I've watched us soothsay ourselves into the belief that we "profile for good reasons." It's not true. We profile for expedient reasons just like all the others who have done it before us.

In the decade after the LA Riots of 1992, I helped the police embark on a program to recruit an army of neighborhood watchers. It wasn't the only thing I've done to help out but it's the one I'll dwell on here. The people's mission was -- and is -- to profile suspicious people and report it to the police. The targets were criminals. The people responded. The nation adopted it. People like George Zimmerman joined the cause. He did exactly the kind of profiling the federal Volunteers In Policing program says is the right thing to do. He picked out what looked to be a miscreant and ignited a nuclear bomb. Everyone wanted to be safe. Everyone wanted the bad people to go away. The consequence is that we caught a lot more criminals. We overcrowded the jails. We created the basis for federal consent decrees to release miscreants under court order. Ask Jerry Brown how that's going for California.

The thing about community policing that a lot of people have forgotten is that it's an adaptive process. Both sides adapt. Weird stuff happens. Our jail system became a taxpayer funded junior college education camp for career criminals. Our mental health system just shut down creating a public breeding ground for ticking time bombs. The "sane" criminals -- yes that's an odd way to put it -- learned to be more organized and bolder -- even coming to believe they have a right to predate upon the populace -- and then we needed stand your ground defenses more than ever. We've never really thought through the stoichiometry of the process of crime management in strategic terms. We never really addressed the question of how to convince miscreants to change their ways. Instead we muddled. We still are.
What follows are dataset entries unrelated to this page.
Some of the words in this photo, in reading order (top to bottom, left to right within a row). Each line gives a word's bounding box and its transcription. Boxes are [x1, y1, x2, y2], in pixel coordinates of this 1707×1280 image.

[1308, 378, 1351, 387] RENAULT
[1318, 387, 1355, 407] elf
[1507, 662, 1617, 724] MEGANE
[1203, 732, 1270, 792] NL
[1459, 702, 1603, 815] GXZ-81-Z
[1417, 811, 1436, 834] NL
A decade later, we doubled down on profiling. This time everyone became suspicious. After September 11, 2001, the entire country embarked on a homeland security mission. There were hot lines, special task forces, entirely new bureaucracies and technologies with billion dollar budgets. Again government's and the people's mission was to profile suspicious people. Everyone with an opinion became part of some sort of terrorist or militia cell. The First Amendment has become a security risk.
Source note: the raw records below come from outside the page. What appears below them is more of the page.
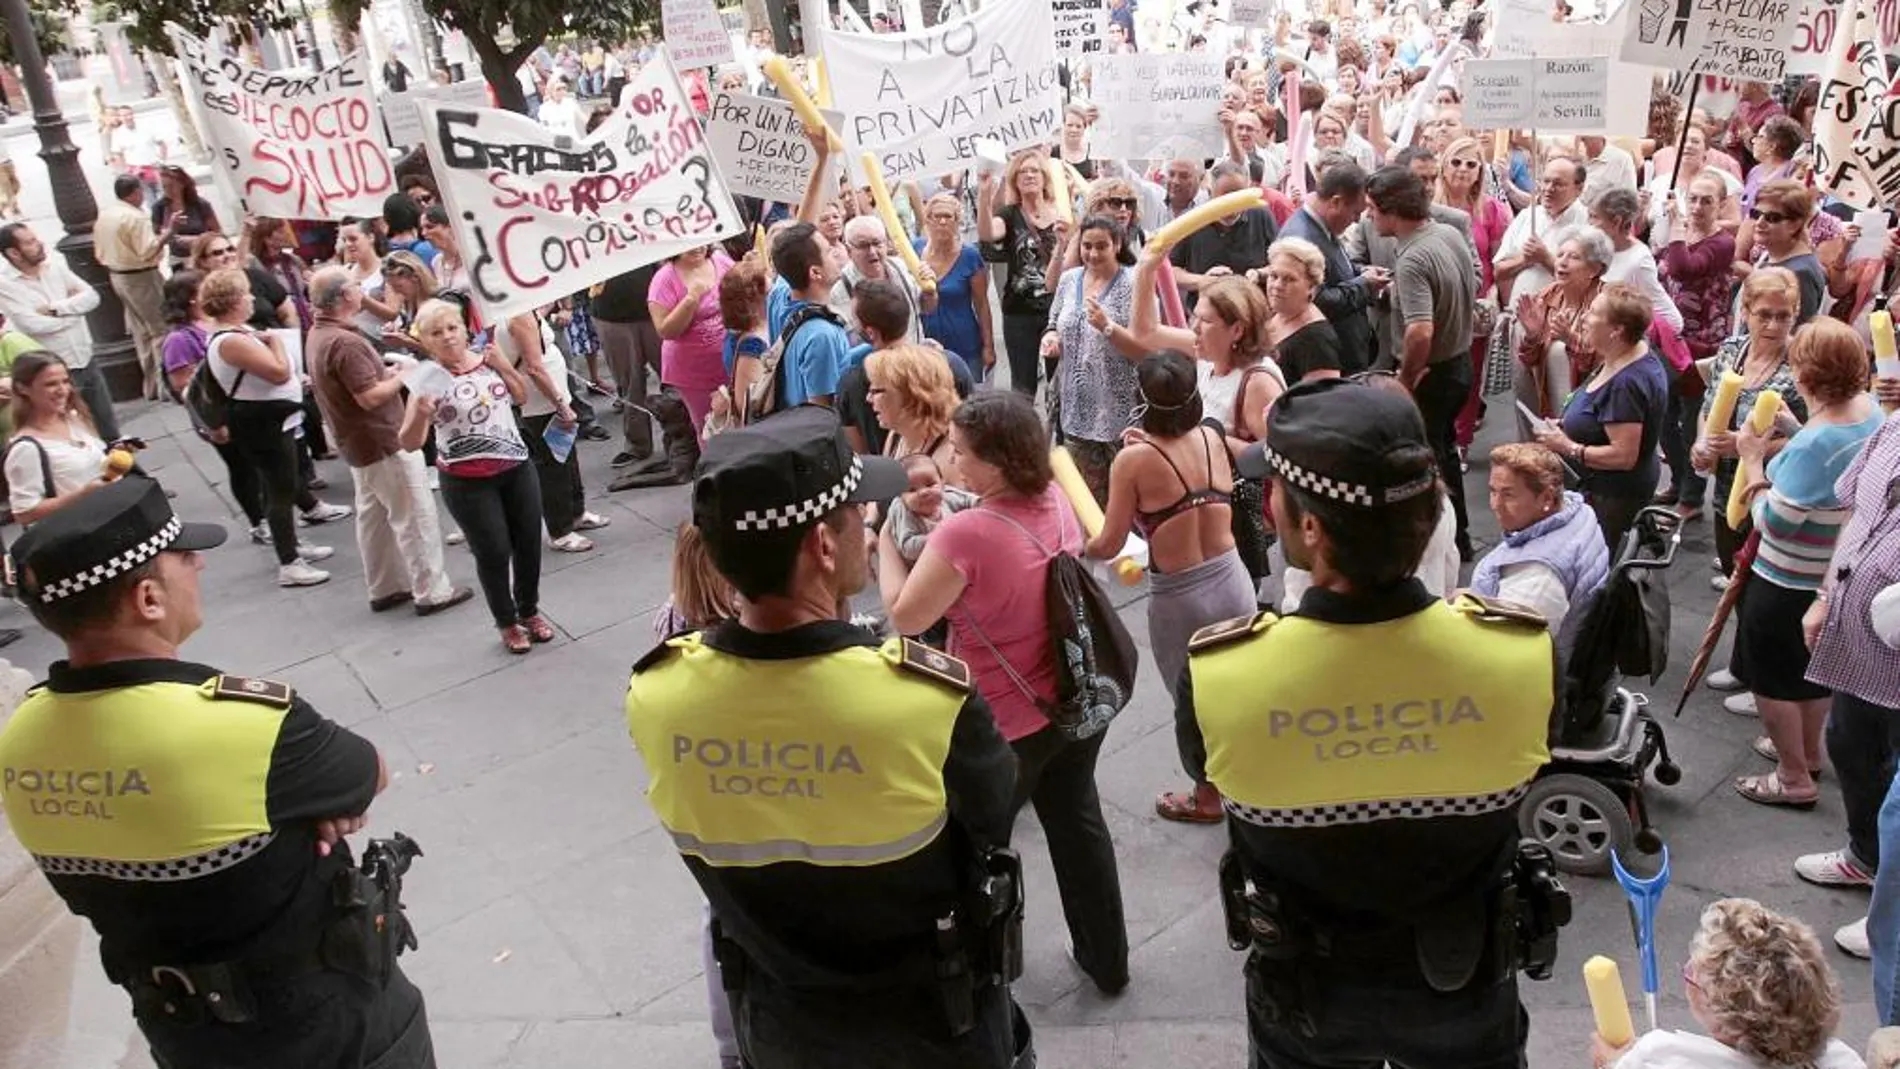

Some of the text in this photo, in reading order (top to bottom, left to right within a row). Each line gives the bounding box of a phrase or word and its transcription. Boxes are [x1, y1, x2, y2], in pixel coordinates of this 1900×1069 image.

[902, 22, 978, 60] NO
[877, 42, 1012, 101] A LA
[711, 93, 751, 124] POR
[755, 105, 783, 132] UN
[1553, 103, 1600, 119] Sevilla
[738, 131, 808, 164] DIGNO
[883, 147, 926, 178] SAN
[246, 138, 393, 217] SALUD
[1268, 695, 1484, 738] POLICIA
[672, 733, 864, 775] POLICIA
[1315, 734, 1440, 762] LOCAL
[4, 767, 151, 796] POLICIA
[709, 774, 823, 799] LOCAL
[30, 798, 114, 820] LOCAL
Green, Orange, Yellow and Red. As with all self-interested things, we've lost sight of the fact that we can never really win the war against what Osama Bin Laden did to us until the day we are Green again; when we don't worry about everyone slightly different from us being some sort of international or domestic terrorist. When airports are no longer places where one must live with the police state specter of, "Your papers please." We are a long way from being the "Land of the Free" again. Until then, the dreamers of caliphate hegemony will gloat at us.

The Internet has done us no favors in this regard. We can now express our ideas and amplify them. Viral storms abound. But, is there any wisdom in any of it? We have no idea how much damage we cause to each other as we revel in our glib like pigs in mud. Profiling. It's one of our favorite tools to deal with our fears. We are so proud of ourselves as we destroy each other's freedoms. We are only destroying ourselves.

I struggle trying to find answers to this. I do not want my country to begin that long and arduous decline.